Tal autonomia na iluminação de Creepy remonta diretamente à lâmpada que se energiza sozinha e estoura em Loft, de 2005. E repete um procedimento de inversão da lógica que (como bem traça Fabio Andrade) move todo o cinema de Kurosawa. Quer dizer: se os objetos têm vida própria, os humanos se reificam, perdendo o poder sobre si. (Nesse processo de perda de vida e transformação em coisa, aliás, é genial que as vítimas fatais do serial killer sejam empacotadas a vácuo, como peças de carne) É desse modo que o grande vilão do filme (tal como o hipnotizador de A Cura) age contra suas presas, aplicando uma misteriosa injeção que as coloca em estado de catatonia e sujeição. E é só isso que você precisa saber sobre sua arma, aparentemente banal e tão implacável; não há explicações sobre o que é aquela substância. Ou, se preferir, busque resposta na filmografia do "Brian de Palma do Japão" e trate a suposta conveniência do roteiro como manifestação metafísica de uma obra que renuncia ao sobrenatural, mas não ao desconhecido.
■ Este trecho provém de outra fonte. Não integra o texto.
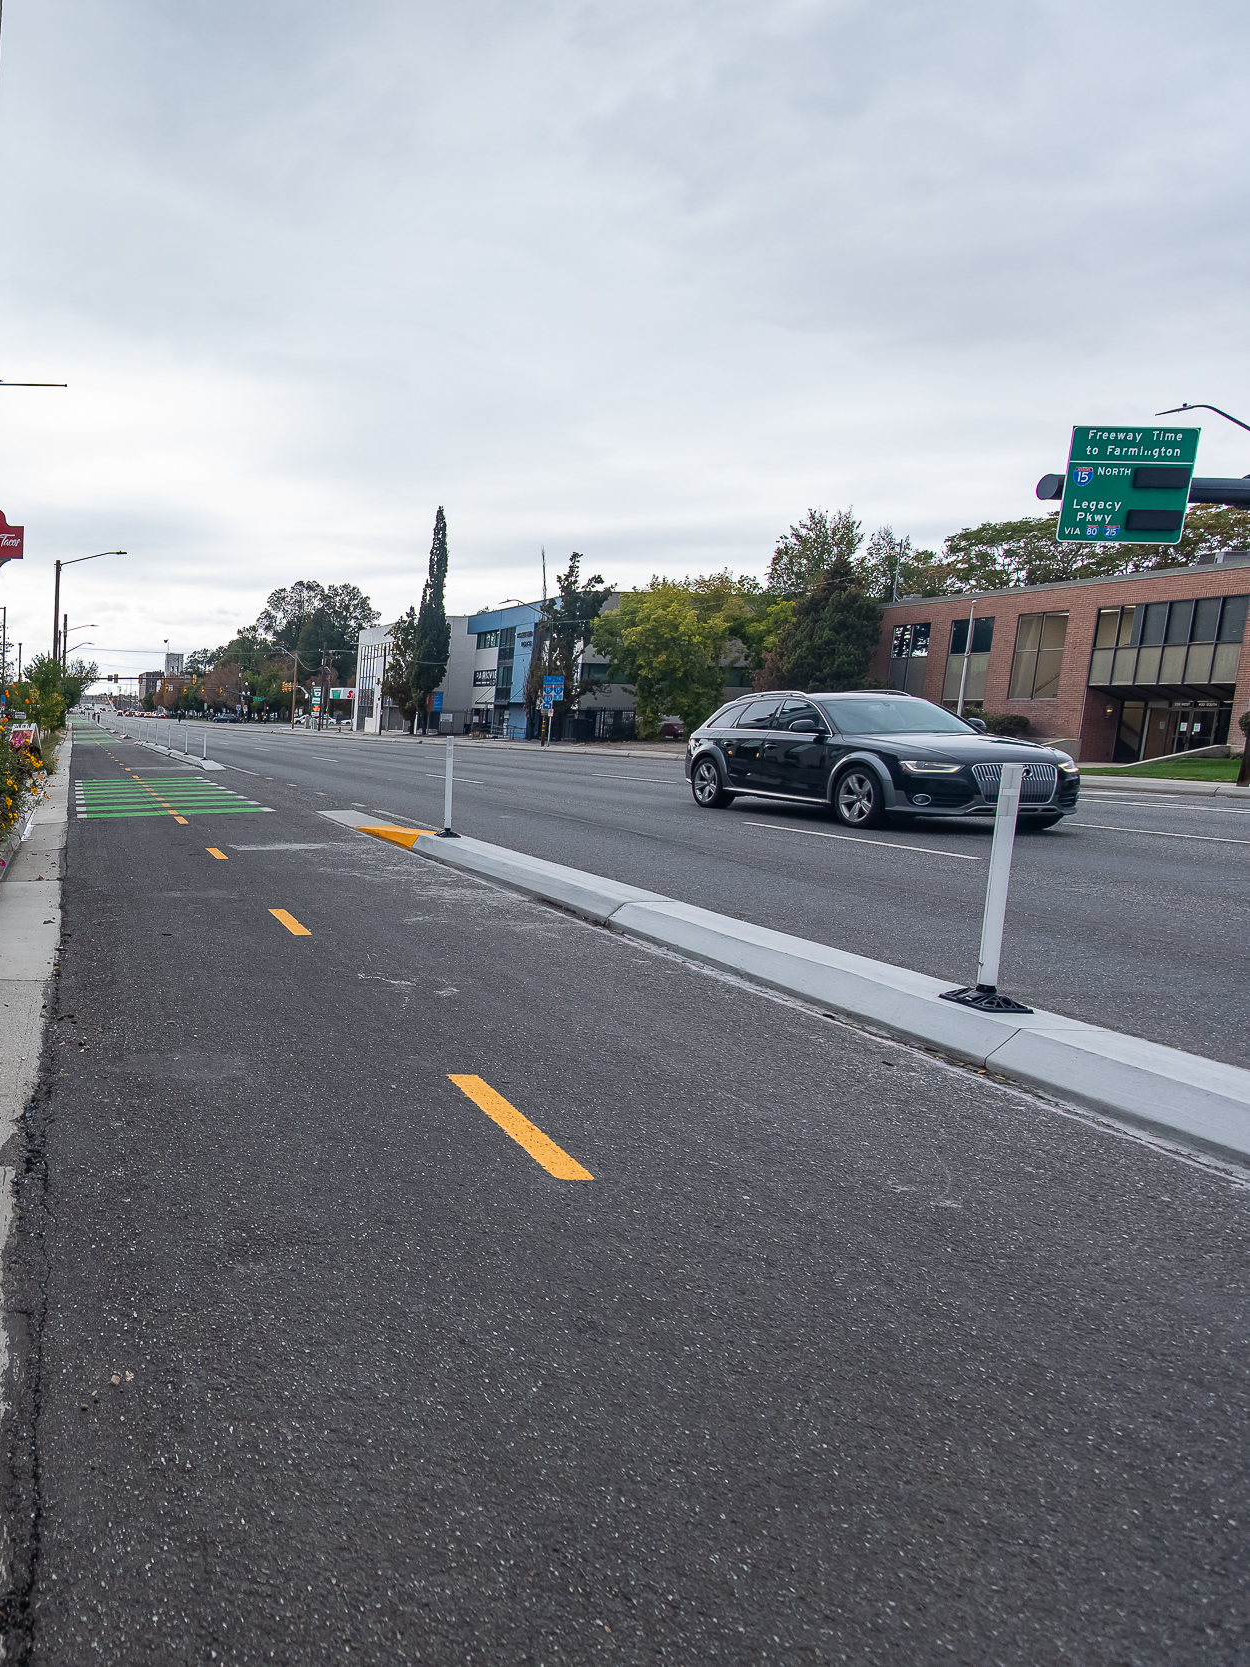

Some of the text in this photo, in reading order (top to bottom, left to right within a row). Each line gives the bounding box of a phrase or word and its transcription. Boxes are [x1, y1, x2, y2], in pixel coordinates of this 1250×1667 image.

Pois, na concepção de Kiyoshi Kurosawa, a fantasia é essencial para se fazer cinema de gênero. Inclusive, ele abusa. No rear projection que embala personagens entorpecidos num carro que "voa" sob um céu em tempestade (a influência de Alfred Hitchcock grita nessa cena). No psicopata insano, cruel, nada discreto, que mora num verdadeiro matadouro e que parece intocável. E, mesmo assim, o autor esmaga os nervos do espectador. Ao forjar o absurdo para máximo efeito visual e psicológico. Ao usar a via do inexplicável para transformar Creepy numa experiência realmente assustadora, arrepiante — numa lição de horror.